Like most artforms, the instrumental in popular music has morphed into trance, house, club, electronica, DJ, and even a one-night reopening of Studio 54. Yes, I did just write that.
As we have done, and as all species do, we adapt, whether we invite the change or not is entirely an individual decision. But change comes, and will always uproot what is beloved, until, at this rate of societal and technological entropy looming large, I may find myself ruing for the 1980s. Reagan. Mullets and big hair. Shoulder pads. The Cosby Show before we knew. Miami Vice and men wearing pink? Drum machines. SALT, START, and Mutually Assured Destruction (MAD). Oh, someone just please cue Spandau Ballet.

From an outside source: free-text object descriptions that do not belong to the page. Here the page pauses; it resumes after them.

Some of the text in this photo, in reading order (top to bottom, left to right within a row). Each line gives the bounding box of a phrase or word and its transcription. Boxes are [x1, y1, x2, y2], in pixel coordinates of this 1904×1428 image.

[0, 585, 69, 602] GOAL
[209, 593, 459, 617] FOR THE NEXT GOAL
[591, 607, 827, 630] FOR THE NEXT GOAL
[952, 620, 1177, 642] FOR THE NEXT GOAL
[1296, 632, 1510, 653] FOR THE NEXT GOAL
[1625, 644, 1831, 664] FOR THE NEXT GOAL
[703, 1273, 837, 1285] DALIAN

It’s worthwhile to point out that every song with lyrics written usually begins with a musical riff, or motif, whether a guitar lick, a piano phrase, or a blast from a tuba; that unknowable spark that makes us especially stupid to be stupid when we’re so extraordinary beings from the sounds we compose. Just watch a clip from this scene from Amadeus, the Best Film of 1984.
Returning and concluding with the earlier rhetorical question, I will make a differentiation between the two. Stevie Nicks (reference in Gold Dust Woman by Stephen Davis) has written hundreds of her songs where first they emanated from her many journals and notebooks. Thoughts drove the song’s emergence, with the music following. Thousands of musicians work this way and have become either very wealthy, they sustain themselves, or they’re just plain happy doing what they love.

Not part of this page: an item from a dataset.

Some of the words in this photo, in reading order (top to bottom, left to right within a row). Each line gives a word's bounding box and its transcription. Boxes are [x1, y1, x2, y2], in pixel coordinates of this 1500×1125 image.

The proverbial limb calls me and out I climb. When the last cows come home, music rules the mixed-metaphor roost. Words without music is poetry. No harm done, just don’t call it a song or composition. Music without words is a song or composition. Logical. Instrumentals allow us to access our hyperactive, overthinking, always plotting and planning brains and pull the disconnect switch, inviting into our open spaces the opportunities to feel on the deepest possible levels.
Lyrics with music can also cut deep. As a musician and songwriter, I must concede that. As a writer, on this date, taking a historical and cultural worldview, music, without language has the opportunity to save us. Santana recognizes this.
Time to go outside time.
Haven’t we been in this time long enough?